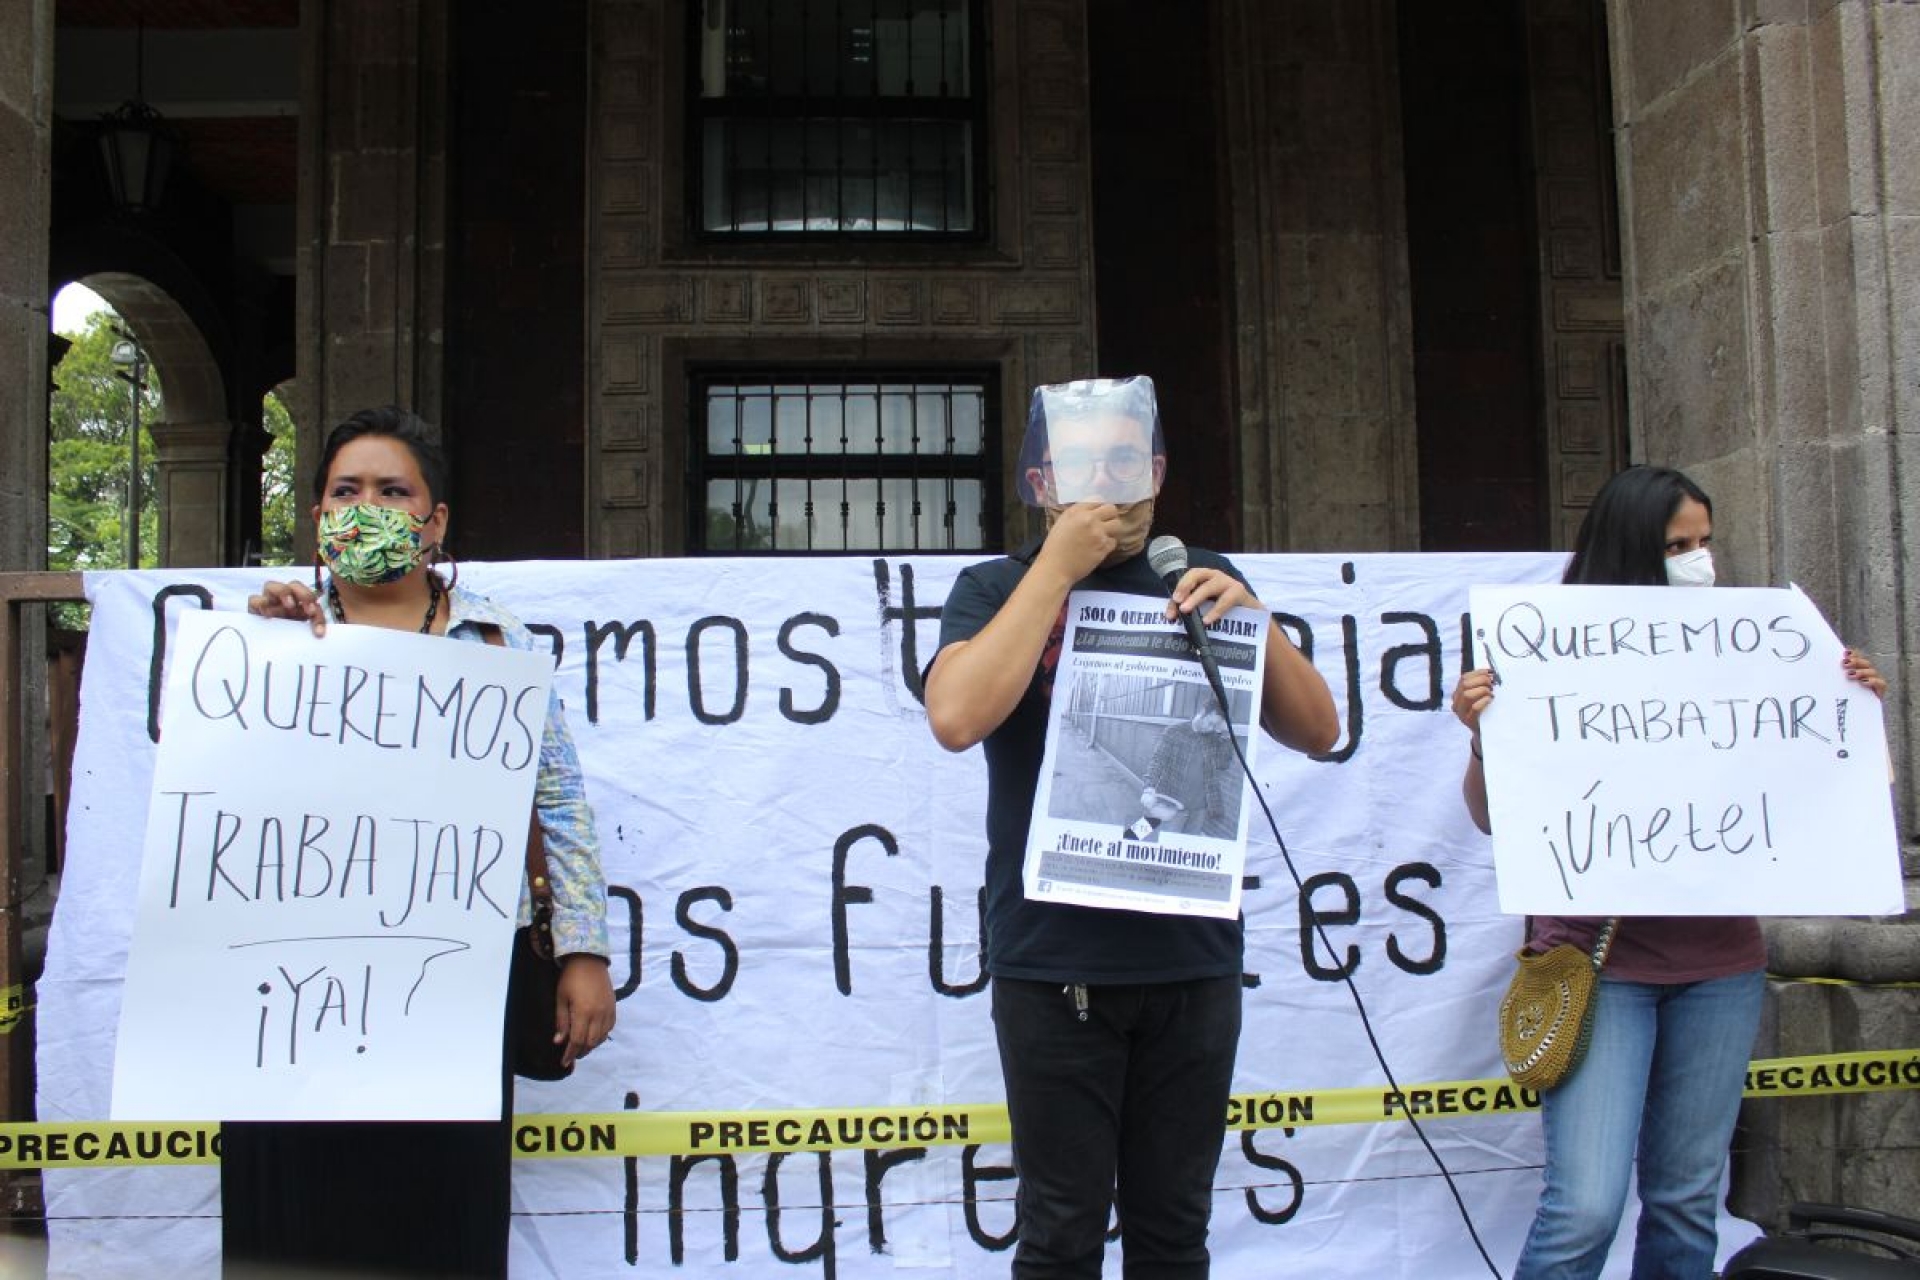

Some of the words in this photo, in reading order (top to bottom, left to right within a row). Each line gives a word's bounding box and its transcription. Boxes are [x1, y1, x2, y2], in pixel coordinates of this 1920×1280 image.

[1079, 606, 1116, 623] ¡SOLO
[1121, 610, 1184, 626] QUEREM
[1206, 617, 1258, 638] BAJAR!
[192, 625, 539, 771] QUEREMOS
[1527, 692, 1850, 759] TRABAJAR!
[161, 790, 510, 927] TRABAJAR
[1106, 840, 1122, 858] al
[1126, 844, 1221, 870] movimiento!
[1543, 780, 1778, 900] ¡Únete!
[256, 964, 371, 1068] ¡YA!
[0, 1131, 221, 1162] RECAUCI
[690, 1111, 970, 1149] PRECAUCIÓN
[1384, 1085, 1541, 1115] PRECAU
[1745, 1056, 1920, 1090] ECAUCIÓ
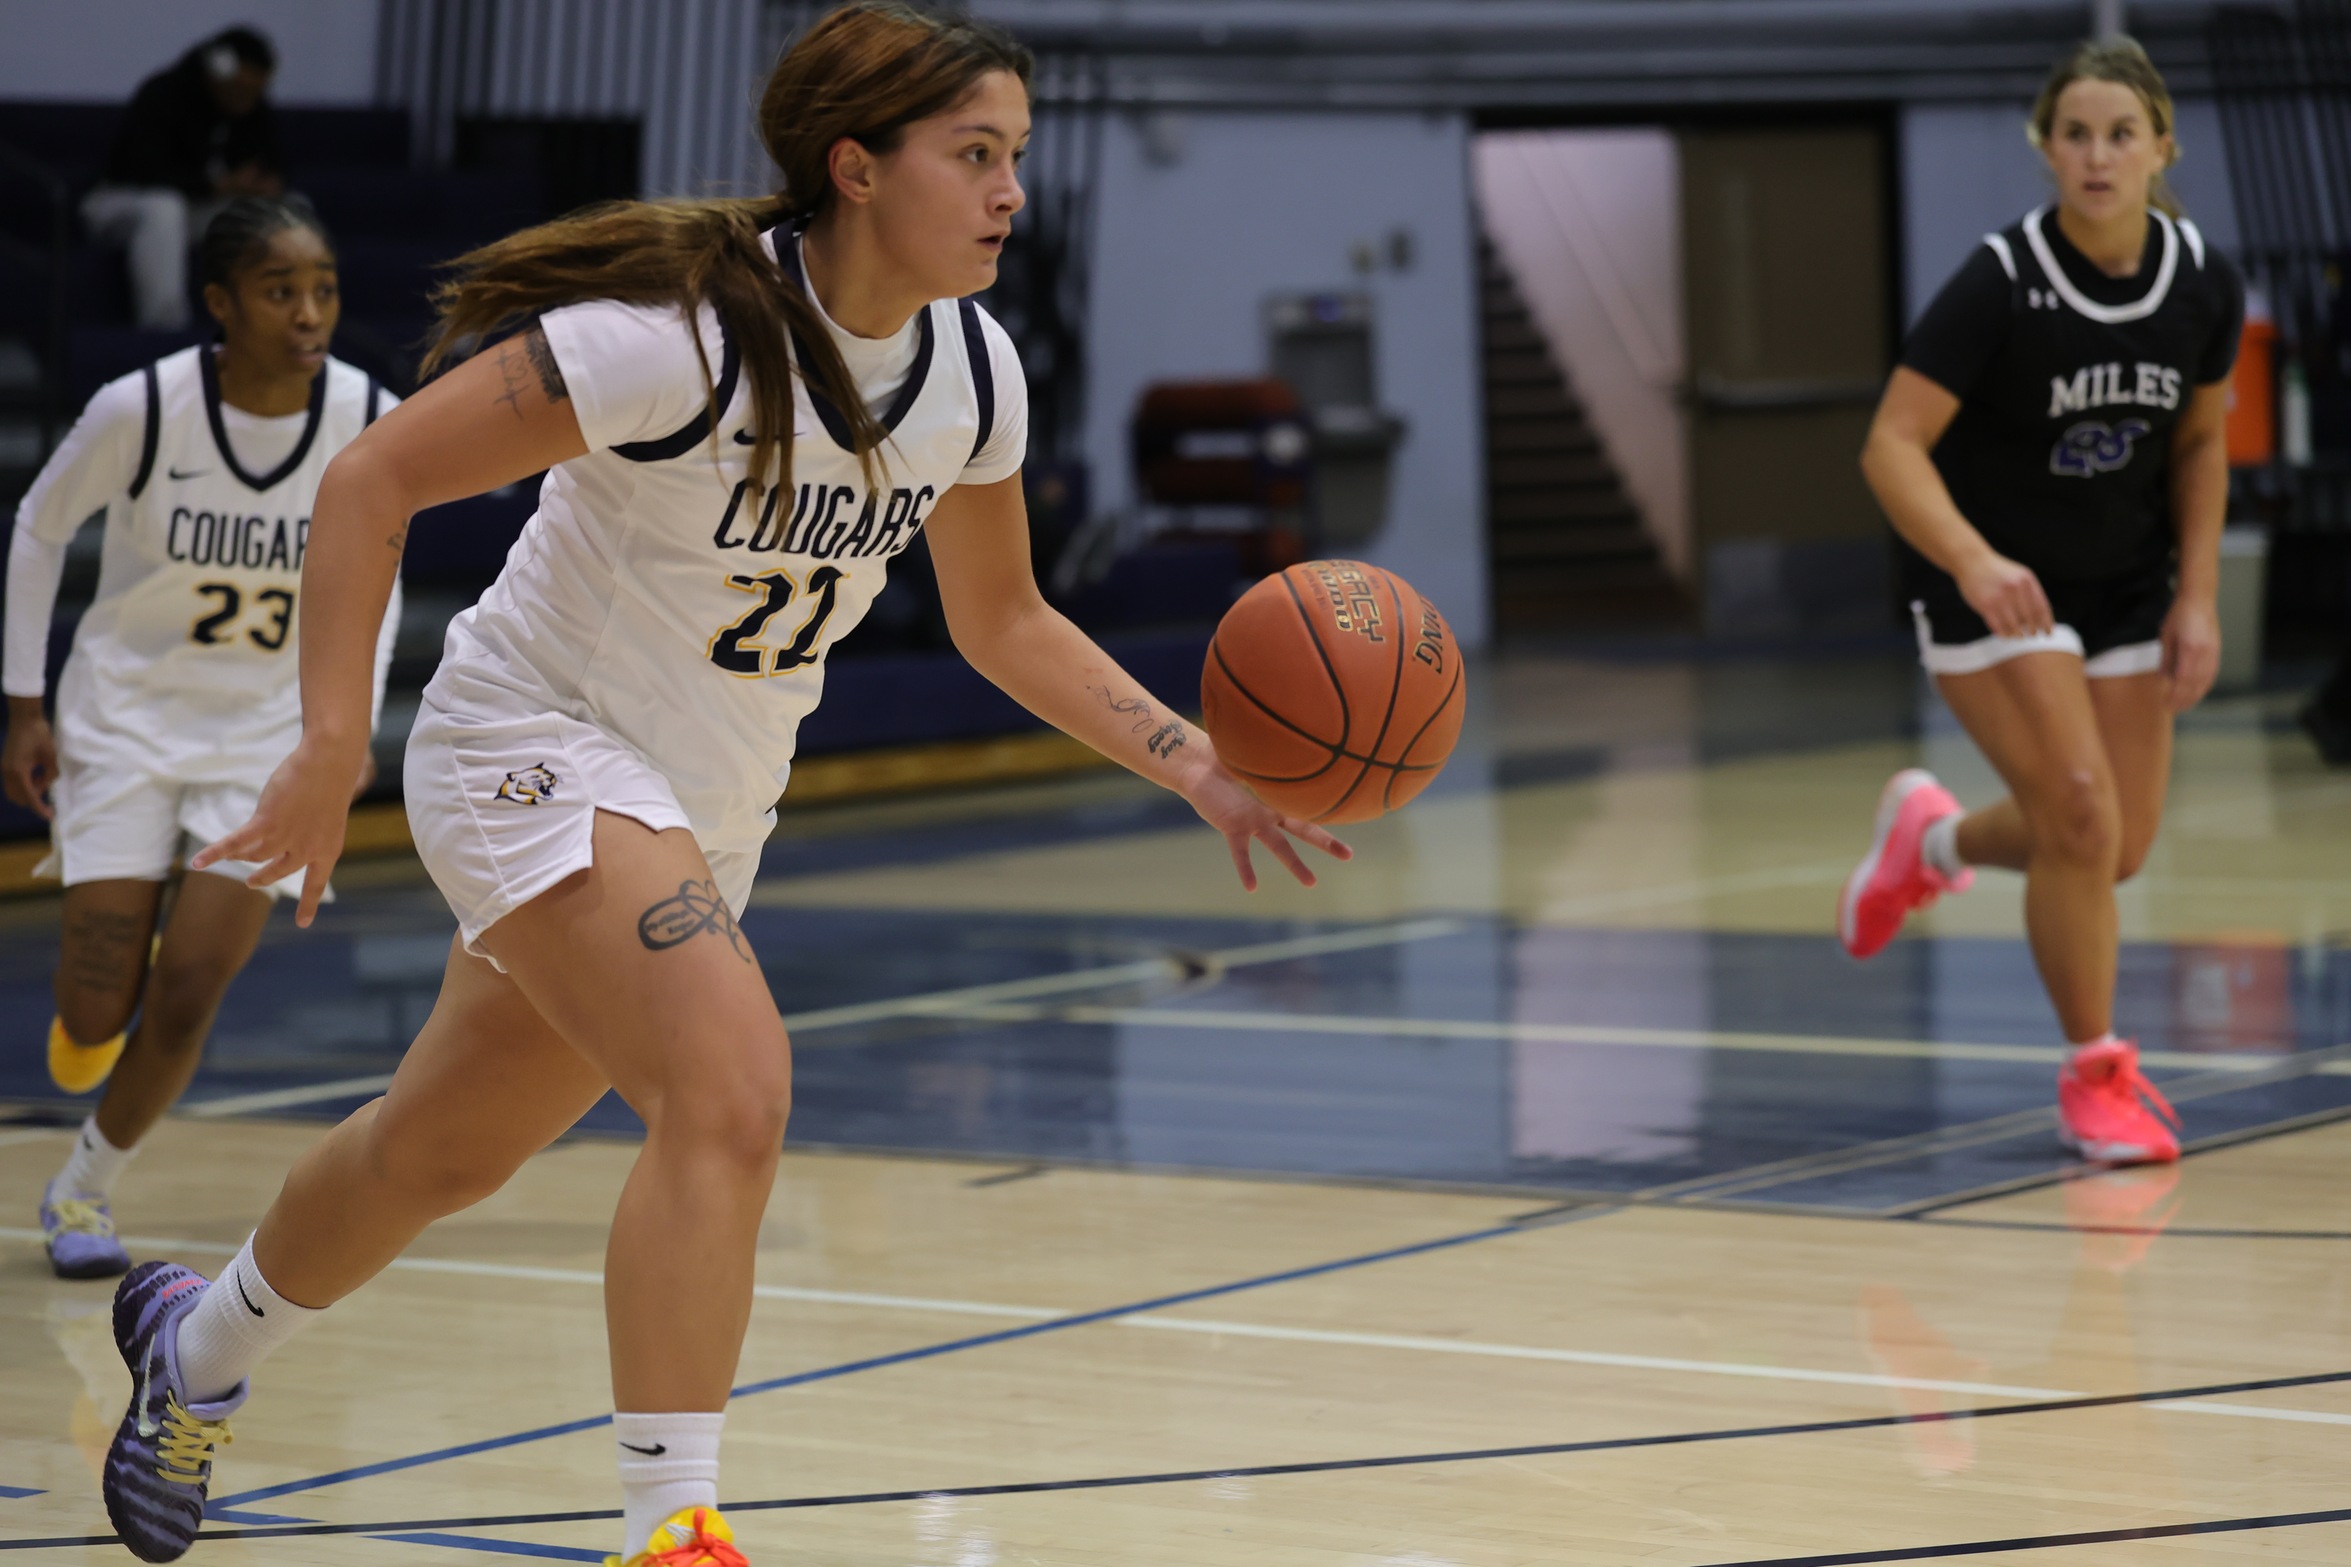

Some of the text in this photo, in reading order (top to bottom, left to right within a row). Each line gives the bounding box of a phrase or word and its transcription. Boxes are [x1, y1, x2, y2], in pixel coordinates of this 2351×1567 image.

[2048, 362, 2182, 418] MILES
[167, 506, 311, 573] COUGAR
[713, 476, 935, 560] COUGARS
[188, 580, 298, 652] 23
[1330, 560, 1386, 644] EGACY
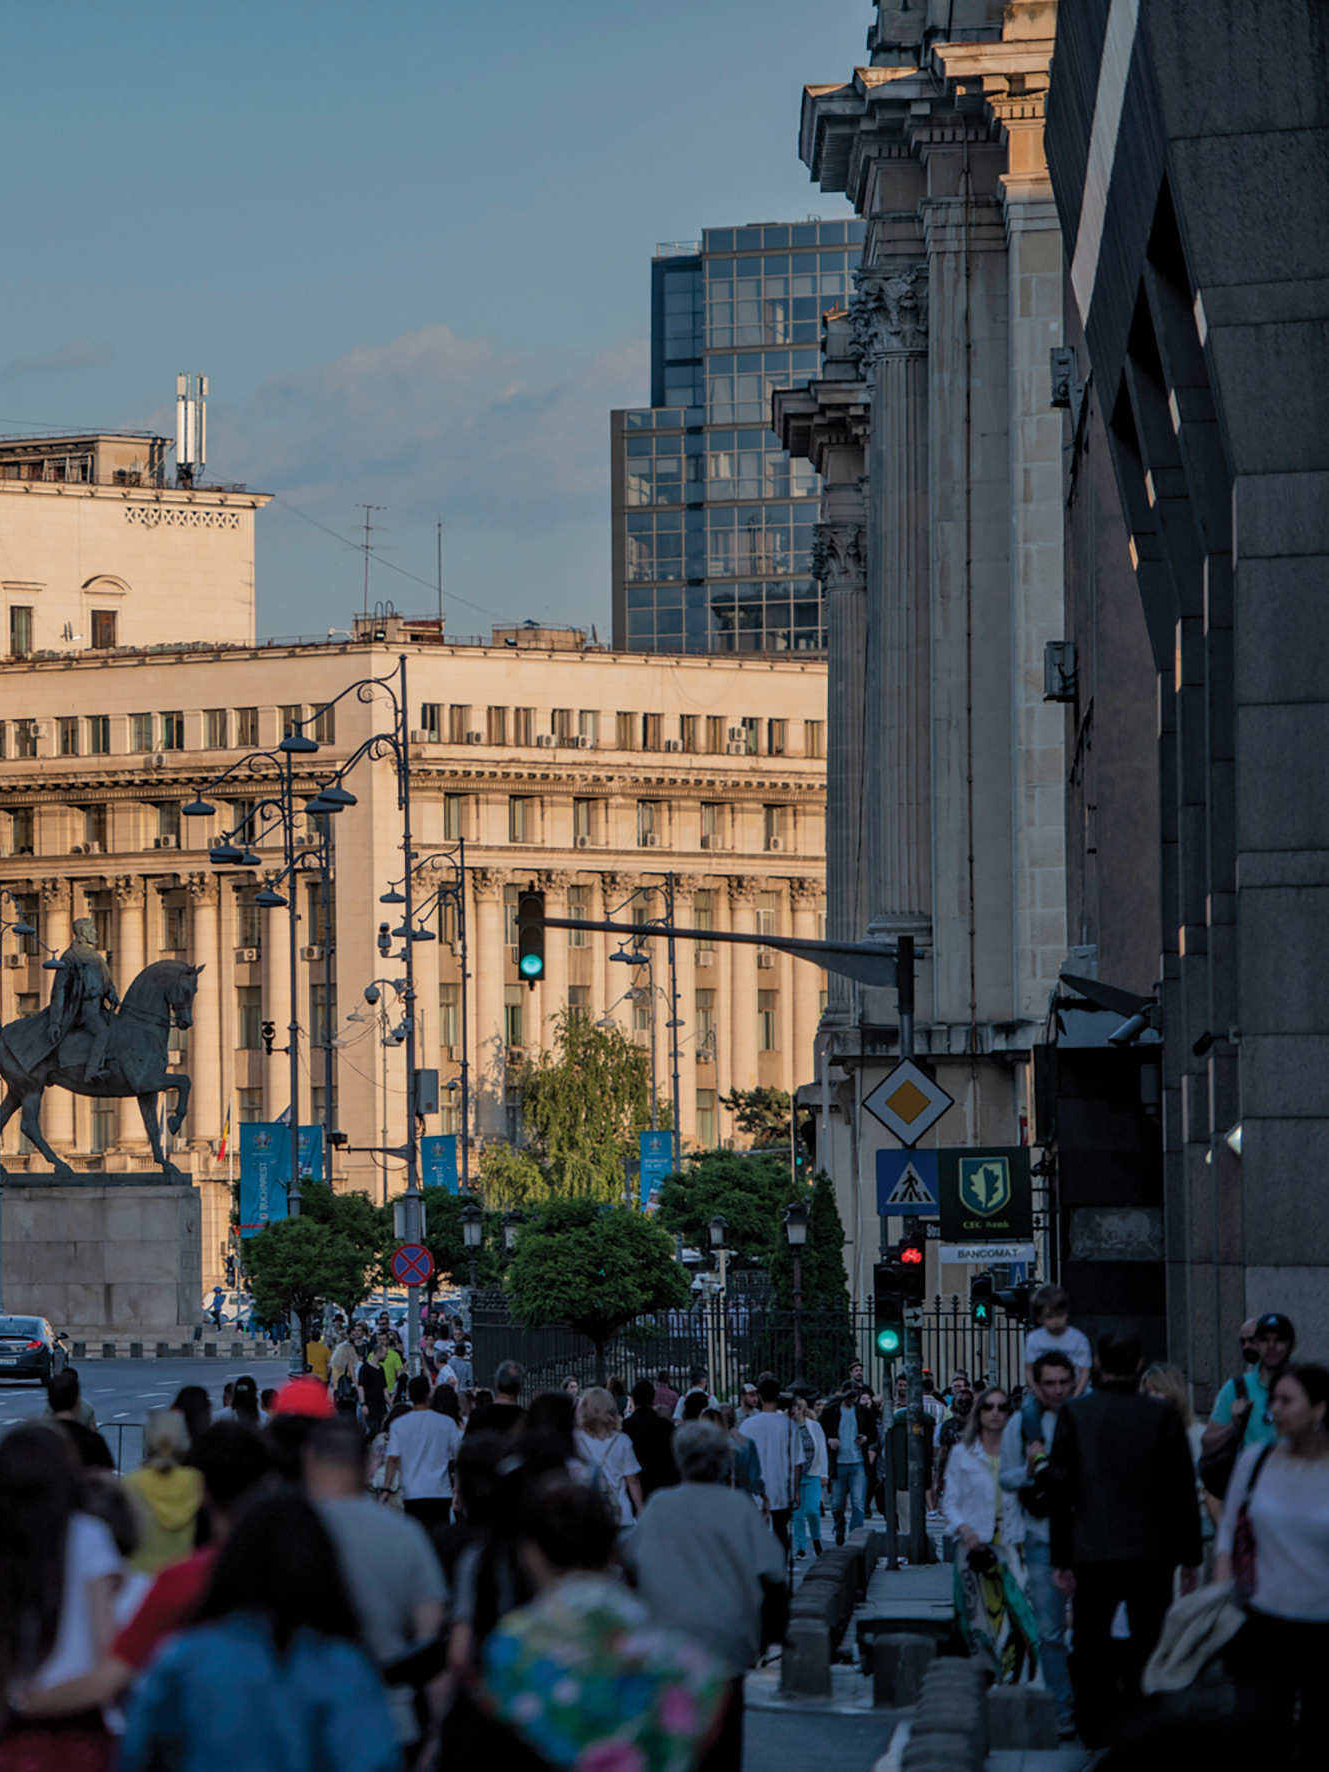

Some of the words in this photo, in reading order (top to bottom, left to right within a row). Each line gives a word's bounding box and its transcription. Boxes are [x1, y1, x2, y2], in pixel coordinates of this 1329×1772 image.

= = = = =

INSTRUCTIONS TO FOLLOW
Your answer should be an exact copy of the entries above, with no images included.

RESPONSE TO THIS TASK
Some of the words in this photo, in reading order (top to bottom, left to right within a row). Each line gives a word's bounding box and its transcription. Boxes are [x1, y1, x2, y2], in pixel coordinates of this 1920×1280 image.

[1079, 606, 1116, 623] ¡SOLO
[1121, 610, 1184, 626] QUEREM
[1206, 617, 1258, 638] BAJAR!
[192, 625, 539, 771] QUEREMOS
[1527, 692, 1850, 759] TRABAJAR!
[161, 790, 510, 927] TRABAJAR
[1106, 840, 1122, 858] al
[1126, 844, 1221, 870] movimiento!
[1543, 780, 1778, 900] ¡Únete!
[256, 964, 371, 1068] ¡YA!
[0, 1131, 221, 1162] RECAUCI
[690, 1111, 970, 1149] PRECAUCIÓN
[1384, 1085, 1541, 1115] PRECAU
[1745, 1056, 1920, 1090] ECAUCIÓ

Some of the text in this photo, in reading order (top to bottom, left to right within a row). Each line gives the bounding box of a phrase or word and its transcription. Boxes are [x1, y1, x2, y2], in pixel coordinates of this 2351×1567 image.

[2048, 362, 2182, 418] MILES
[167, 506, 311, 573] COUGAR
[713, 476, 935, 560] COUGARS
[188, 580, 298, 652] 23
[1330, 560, 1386, 644] EGACY

Some of the words in this photo, in reading order (top to bottom, left to right within a row). Each line gives a word's bounding box and its transcription. Boxes are [x1, y1, x2, y2], in pixel coordinates of this 1329×1772 image.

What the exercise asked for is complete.